Reproduce the lines from the one holding "this 2048×1449 image." to the end of the entries. Include both ends and change nothing.

[Free-text object descriptions]

····················

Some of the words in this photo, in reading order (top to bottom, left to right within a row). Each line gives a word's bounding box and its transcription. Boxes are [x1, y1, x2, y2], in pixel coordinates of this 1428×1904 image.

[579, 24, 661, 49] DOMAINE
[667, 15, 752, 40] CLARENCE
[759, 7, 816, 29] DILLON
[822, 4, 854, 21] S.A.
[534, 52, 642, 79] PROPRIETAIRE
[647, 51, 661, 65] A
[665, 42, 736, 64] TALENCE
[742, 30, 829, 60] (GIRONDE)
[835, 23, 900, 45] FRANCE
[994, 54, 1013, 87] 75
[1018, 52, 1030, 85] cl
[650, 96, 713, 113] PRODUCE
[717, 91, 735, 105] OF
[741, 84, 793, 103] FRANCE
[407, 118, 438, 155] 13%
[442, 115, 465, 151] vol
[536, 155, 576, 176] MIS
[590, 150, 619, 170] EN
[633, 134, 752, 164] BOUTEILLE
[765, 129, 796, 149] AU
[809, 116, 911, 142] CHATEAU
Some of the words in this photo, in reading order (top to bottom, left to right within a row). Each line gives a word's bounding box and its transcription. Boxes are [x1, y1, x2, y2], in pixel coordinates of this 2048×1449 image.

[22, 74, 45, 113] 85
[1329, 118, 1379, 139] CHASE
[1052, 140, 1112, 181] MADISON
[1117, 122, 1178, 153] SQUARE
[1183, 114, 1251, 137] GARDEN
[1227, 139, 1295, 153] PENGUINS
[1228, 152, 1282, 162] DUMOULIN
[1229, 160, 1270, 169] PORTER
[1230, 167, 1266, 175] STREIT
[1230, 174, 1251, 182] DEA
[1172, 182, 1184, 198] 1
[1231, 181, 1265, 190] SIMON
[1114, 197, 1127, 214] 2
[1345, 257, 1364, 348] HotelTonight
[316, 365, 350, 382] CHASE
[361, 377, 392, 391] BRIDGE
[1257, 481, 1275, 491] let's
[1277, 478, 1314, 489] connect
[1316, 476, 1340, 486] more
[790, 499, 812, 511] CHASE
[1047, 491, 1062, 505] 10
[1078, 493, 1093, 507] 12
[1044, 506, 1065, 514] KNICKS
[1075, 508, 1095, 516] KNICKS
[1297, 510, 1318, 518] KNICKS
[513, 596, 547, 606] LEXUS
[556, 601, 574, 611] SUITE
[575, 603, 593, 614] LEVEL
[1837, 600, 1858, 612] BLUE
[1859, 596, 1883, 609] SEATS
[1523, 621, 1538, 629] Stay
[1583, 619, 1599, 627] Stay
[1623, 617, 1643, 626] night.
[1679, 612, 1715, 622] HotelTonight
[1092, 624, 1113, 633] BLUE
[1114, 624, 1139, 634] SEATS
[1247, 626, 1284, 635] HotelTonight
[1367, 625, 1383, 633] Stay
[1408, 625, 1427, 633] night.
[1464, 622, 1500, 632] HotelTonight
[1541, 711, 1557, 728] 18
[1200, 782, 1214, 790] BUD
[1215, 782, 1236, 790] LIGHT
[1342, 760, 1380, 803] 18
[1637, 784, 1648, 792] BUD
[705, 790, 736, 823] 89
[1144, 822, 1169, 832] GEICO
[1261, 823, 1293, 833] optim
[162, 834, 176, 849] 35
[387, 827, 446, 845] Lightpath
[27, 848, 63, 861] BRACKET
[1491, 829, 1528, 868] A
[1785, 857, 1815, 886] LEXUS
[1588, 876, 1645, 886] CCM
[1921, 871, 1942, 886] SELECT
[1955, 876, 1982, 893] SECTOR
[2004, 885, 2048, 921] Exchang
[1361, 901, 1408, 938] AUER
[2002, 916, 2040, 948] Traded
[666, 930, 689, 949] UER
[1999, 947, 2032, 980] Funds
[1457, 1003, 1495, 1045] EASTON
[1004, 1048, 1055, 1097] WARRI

····················

### Reply
Some of the words in this photo, in reading order (top to bottom, left to right within a row). Each line gives a word's bounding box and its transcription. Boxes are [x1, y1, x2, y2], in pixel coordinates of this 2048×1449 image.

[22, 74, 45, 113] 85
[1329, 118, 1379, 139] CHASE
[1052, 140, 1112, 181] MADISON
[1117, 122, 1178, 153] SQUARE
[1183, 114, 1251, 137] GARDEN
[1227, 139, 1295, 153] PENGUINS
[1228, 152, 1282, 162] DUMOULIN
[1229, 160, 1270, 169] PORTER
[1230, 167, 1266, 175] STREIT
[1230, 174, 1251, 182] DEA
[1172, 182, 1184, 198] 1
[1231, 181, 1265, 190] SIMON
[1114, 197, 1127, 214] 2
[1345, 257, 1364, 348] HotelTonight
[316, 365, 350, 382] CHASE
[361, 377, 392, 391] BRIDGE
[1257, 481, 1275, 491] let's
[1277, 478, 1314, 489] connect
[1316, 476, 1340, 486] more
[790, 499, 812, 511] CHASE
[1047, 491, 1062, 505] 10
[1078, 493, 1093, 507] 12
[1044, 506, 1065, 514] KNICKS
[1075, 508, 1095, 516] KNICKS
[1297, 510, 1318, 518] KNICKS
[513, 596, 547, 606] LEXUS
[556, 601, 574, 611] SUITE
[575, 603, 593, 614] LEVEL
[1837, 600, 1858, 612] BLUE
[1859, 596, 1883, 609] SEATS
[1523, 621, 1538, 629] Stay
[1583, 619, 1599, 627] Stay
[1623, 617, 1643, 626] night.
[1679, 612, 1715, 622] HotelTonight
[1092, 624, 1113, 633] BLUE
[1114, 624, 1139, 634] SEATS
[1247, 626, 1284, 635] HotelTonight
[1367, 625, 1383, 633] Stay
[1408, 625, 1427, 633] night.
[1464, 622, 1500, 632] HotelTonight
[1541, 711, 1557, 728] 18
[1200, 782, 1214, 790] BUD
[1215, 782, 1236, 790] LIGHT
[1342, 760, 1380, 803] 18
[1637, 784, 1648, 792] BUD
[705, 790, 736, 823] 89
[1144, 822, 1169, 832] GEICO
[1261, 823, 1293, 833] optim
[162, 834, 176, 849] 35
[387, 827, 446, 845] Lightpath
[27, 848, 63, 861] BRACKET
[1491, 829, 1528, 868] A
[1785, 857, 1815, 886] LEXUS
[1588, 876, 1645, 886] CCM
[1921, 871, 1942, 886] SELECT
[1955, 876, 1982, 893] SECTOR
[2004, 885, 2048, 921] Exchang
[1361, 901, 1408, 938] AUER
[2002, 916, 2040, 948] Traded
[666, 930, 689, 949] UER
[1999, 947, 2032, 980] Funds
[1457, 1003, 1495, 1045] EASTON
[1004, 1048, 1055, 1097] WARRI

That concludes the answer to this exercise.